> **WHAT NEEDS TO BE DONE**
Apart from the images, the records below need to be copied exactly.

Spatial localization data
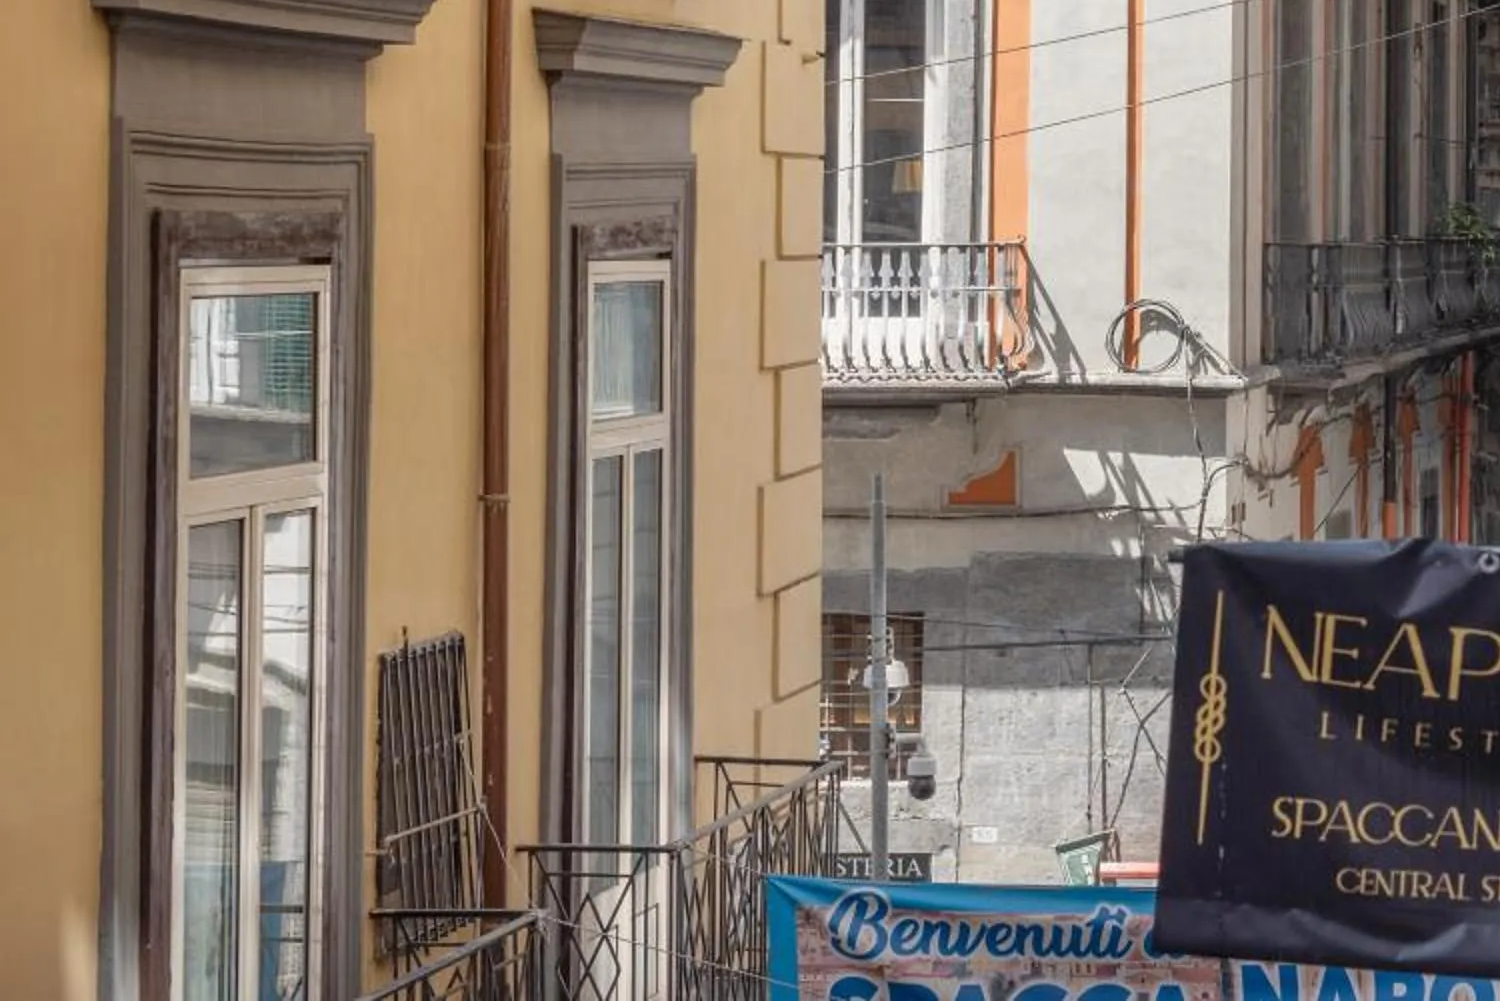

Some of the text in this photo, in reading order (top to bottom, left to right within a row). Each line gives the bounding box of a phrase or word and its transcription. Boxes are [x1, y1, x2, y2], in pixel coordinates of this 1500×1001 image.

[826, 857, 923, 878] STRIA
[1335, 866, 1470, 901] CENTRAL
[827, 887, 1135, 960] Benvenuti
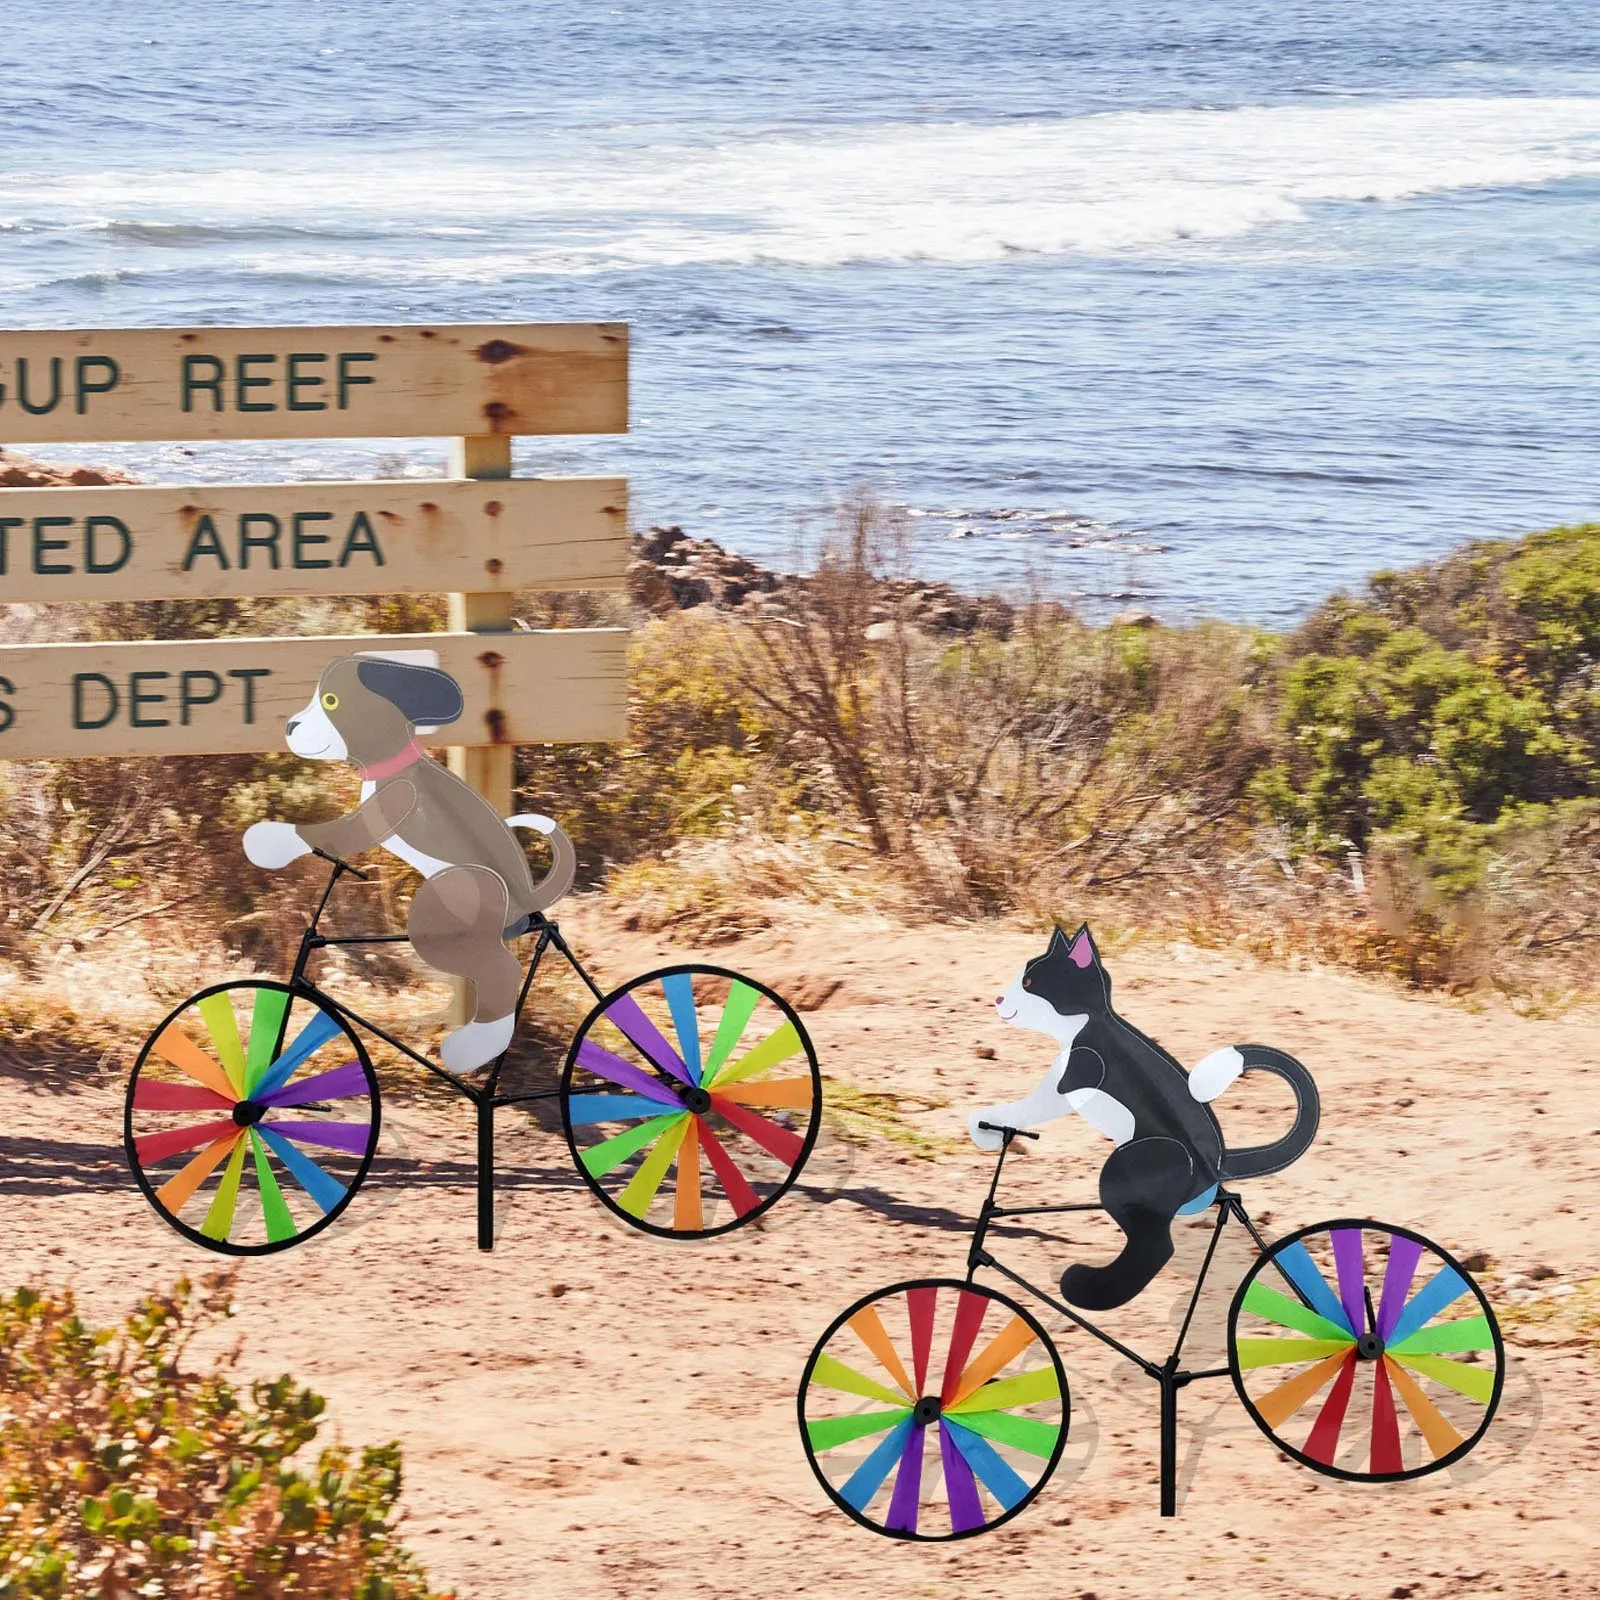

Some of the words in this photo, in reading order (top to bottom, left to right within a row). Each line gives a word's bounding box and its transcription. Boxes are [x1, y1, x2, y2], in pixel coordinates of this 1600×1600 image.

[0, 355, 121, 415] UP
[180, 352, 377, 413] REEF
[0, 515, 133, 575] TED
[181, 511, 386, 571] AREA
[72, 668, 271, 730] DEPT
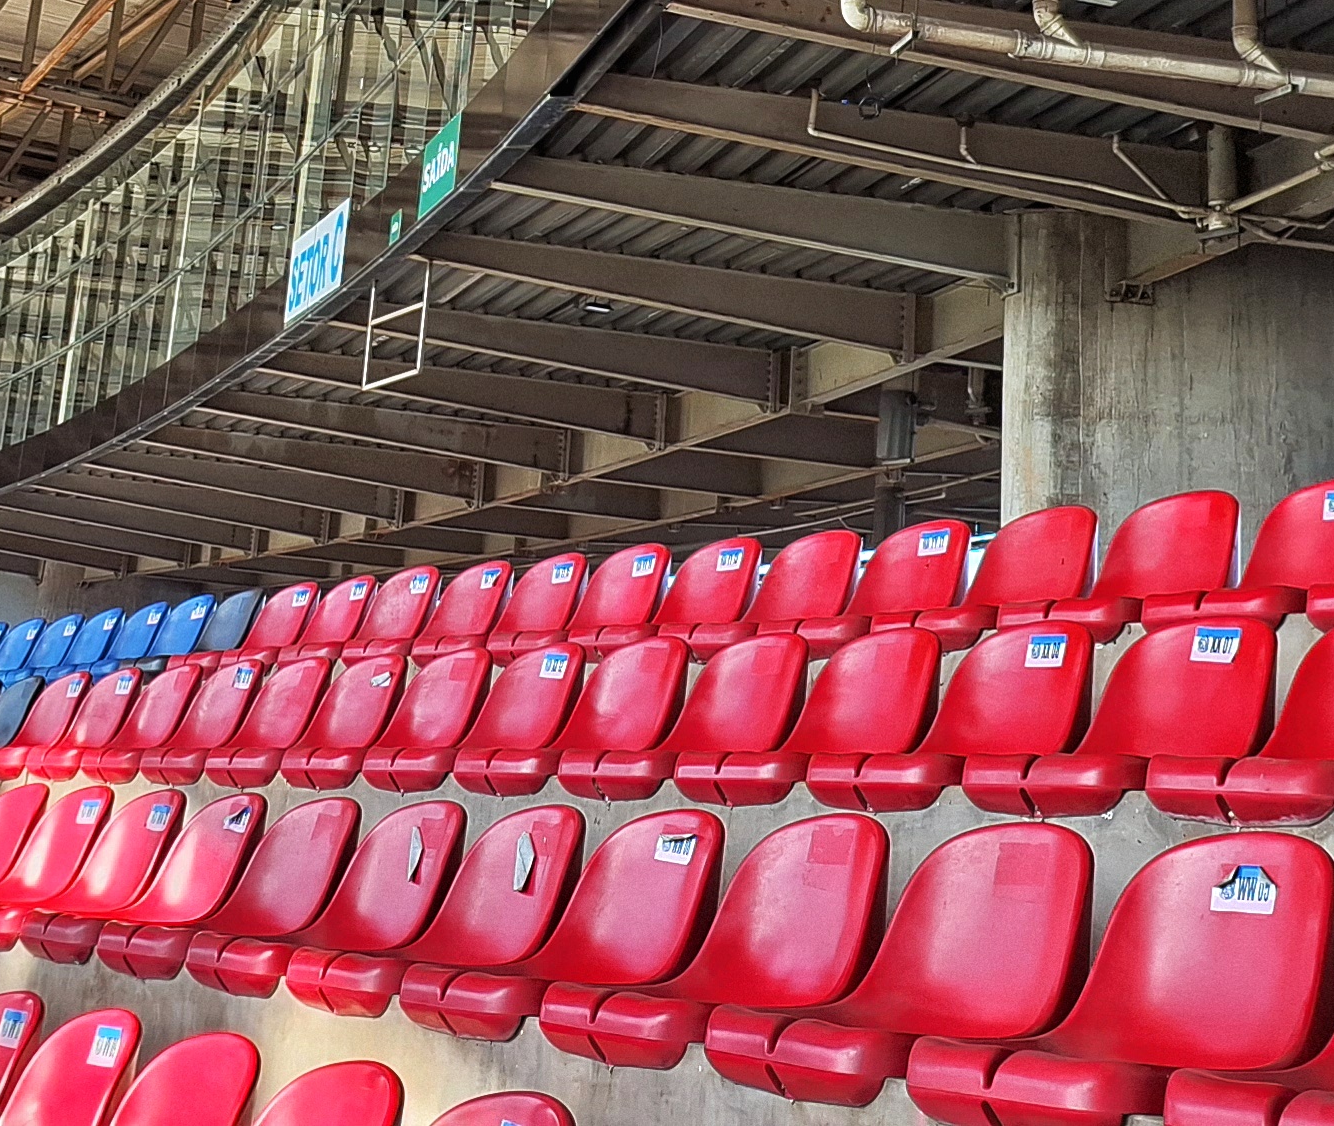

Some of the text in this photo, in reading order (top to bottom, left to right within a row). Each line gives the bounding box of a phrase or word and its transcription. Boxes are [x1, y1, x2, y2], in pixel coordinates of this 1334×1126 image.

[422, 141, 455, 193] SAÍDA
[288, 210, 344, 313] SETOR C
[1237, 876, 1258, 901] WW
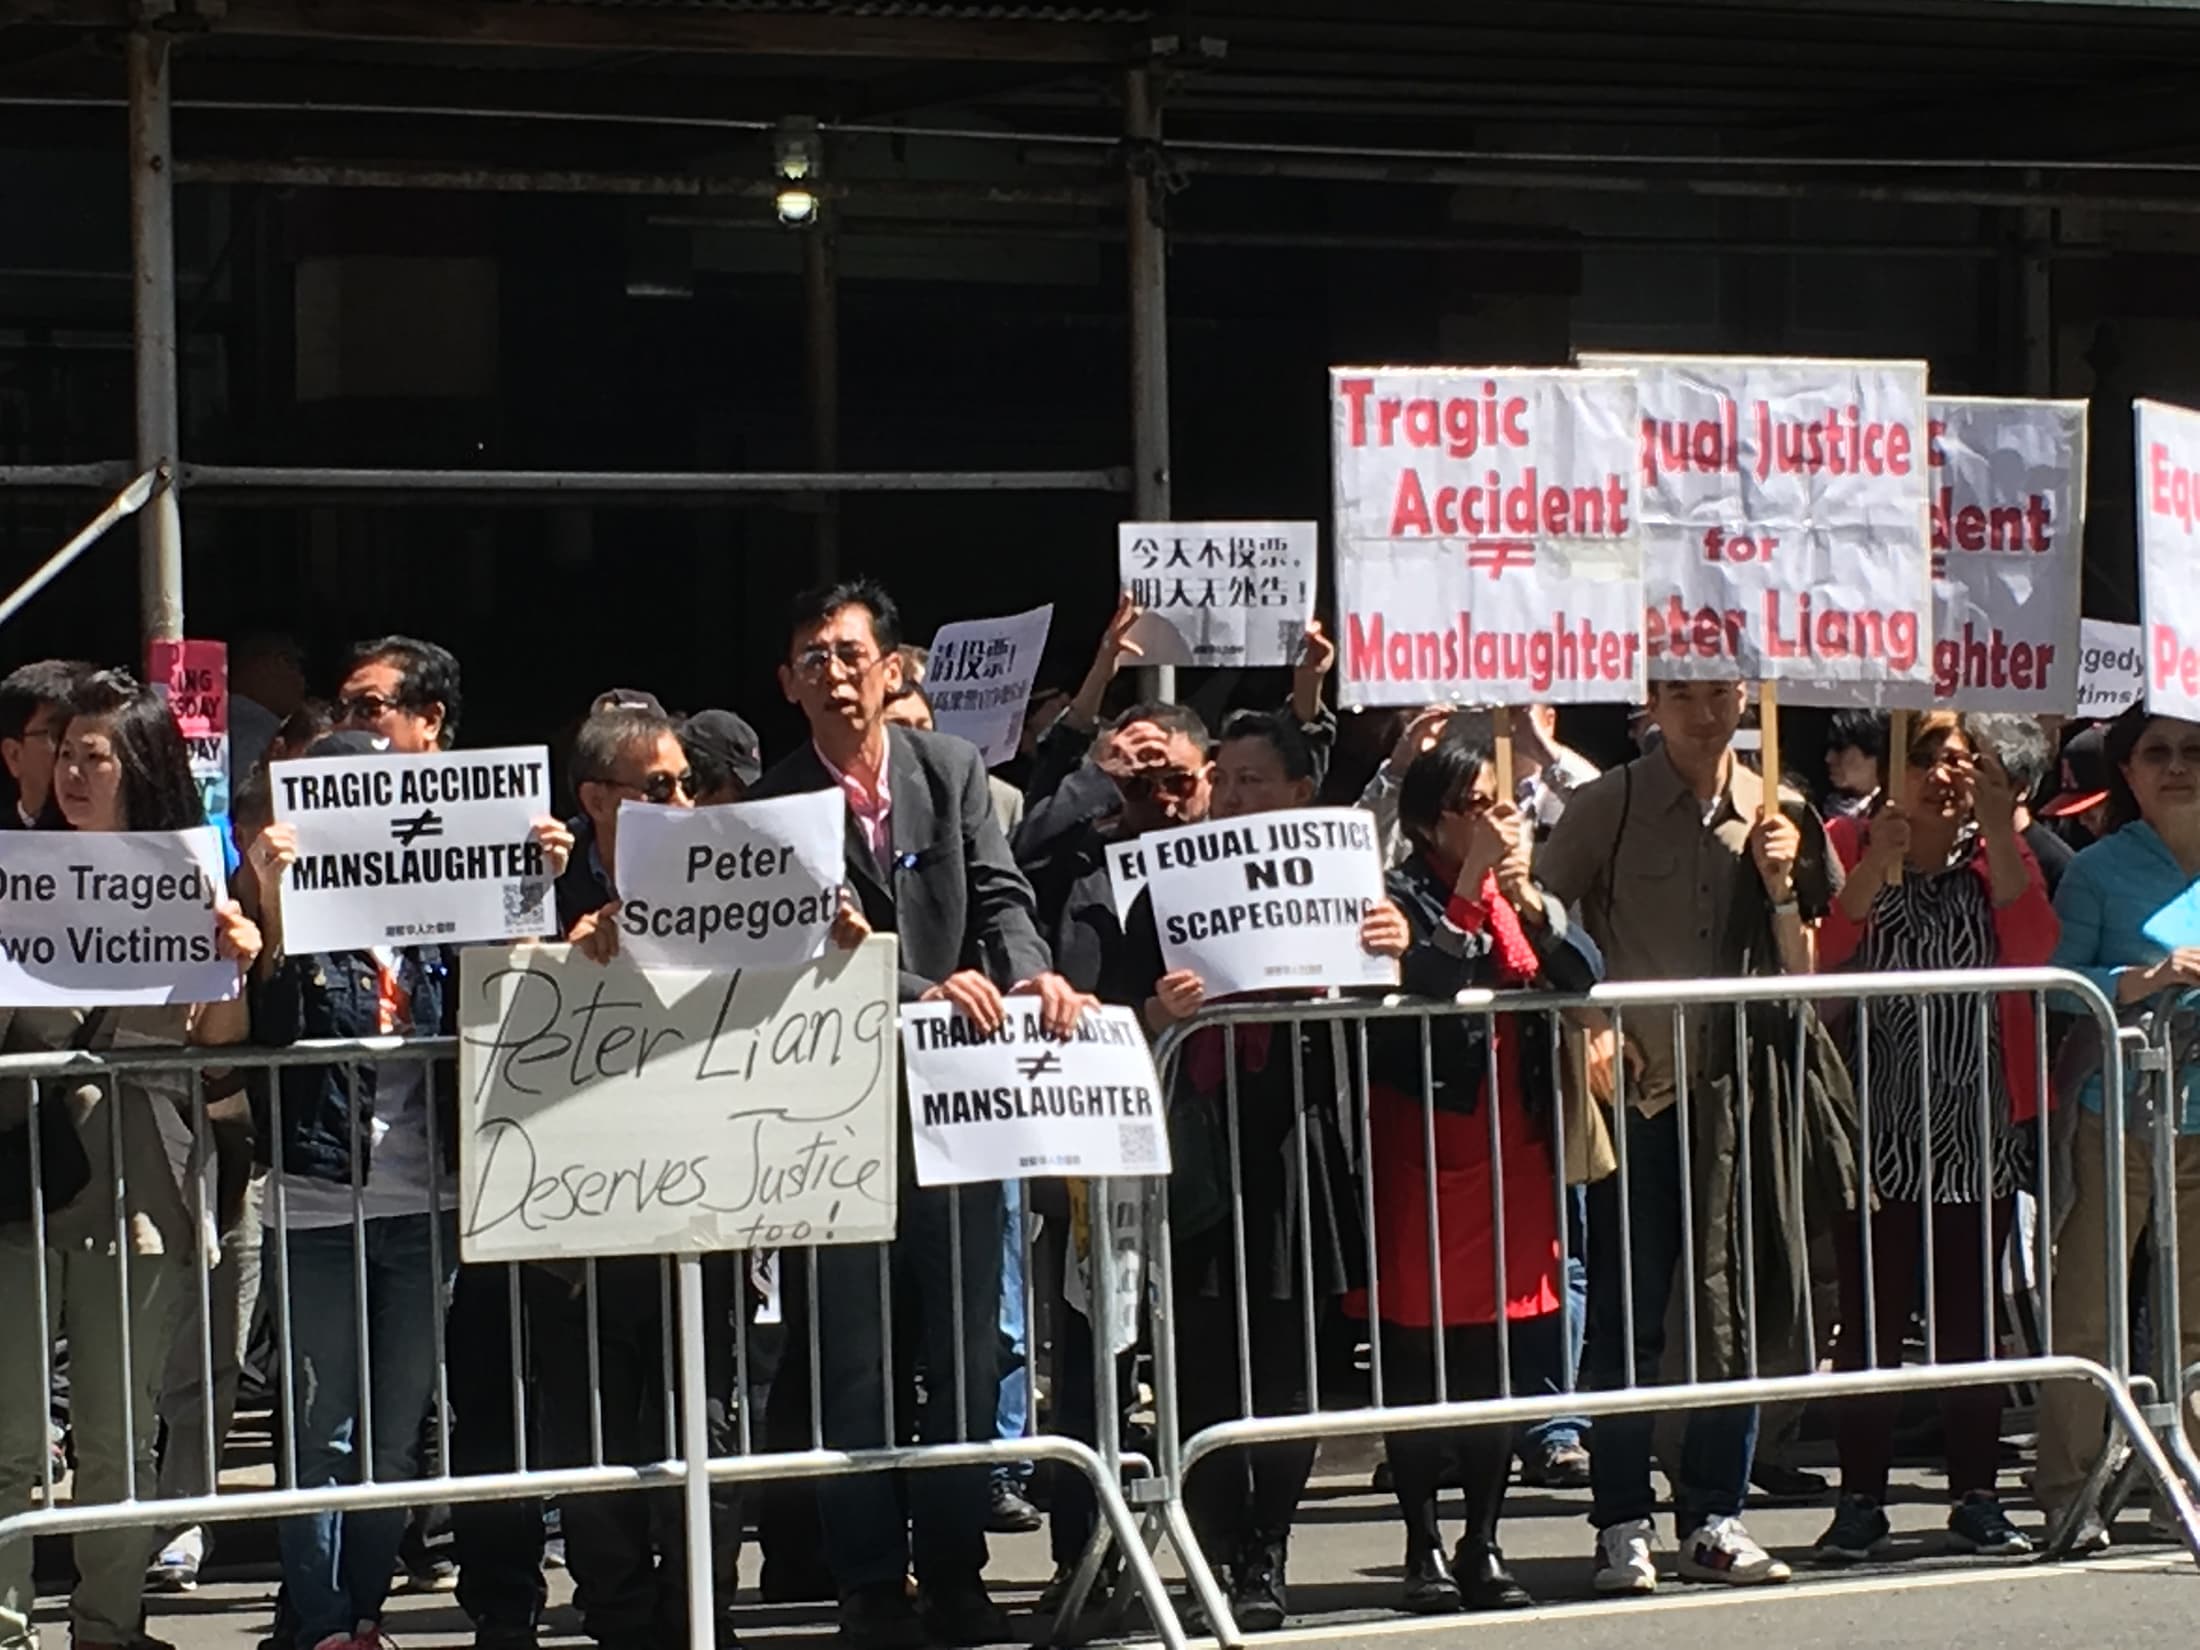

> **RESPONSE AREA**
Some of the text in this photo, in reading order (top to bottom, left to right within a row). Each line gives the bounding box of a phrase or word and its transcription. Boxes are [x1, y1, x2, y2], in pixel coordinates of this 1500×1001 image.

[826, 857, 923, 878] STRIA
[1335, 866, 1470, 901] CENTRAL
[827, 887, 1135, 960] Benvenuti

Some of the words in this photo, in reading order (top to bottom, left to right within a row). Each line gives a word's bounding box and its transcription. Boxes are [x1, y1, x2, y2], in pixel coordinates of this 1600×1600 image.

[0, 355, 121, 415] UP
[180, 352, 377, 413] REEF
[0, 515, 133, 575] TED
[181, 511, 386, 571] AREA
[72, 668, 271, 730] DEPT

Some of the text in this photo, in reading order (top to bottom, left to right within a row). Each line gives the bounding box of a phrase or word and its transcription. Boxes are [x1, y1, x2, y2], in pixel coordinates of this 1334×1126 image.

[422, 141, 455, 193] SAÍDA
[288, 210, 344, 313] SETOR C
[1237, 876, 1258, 901] WW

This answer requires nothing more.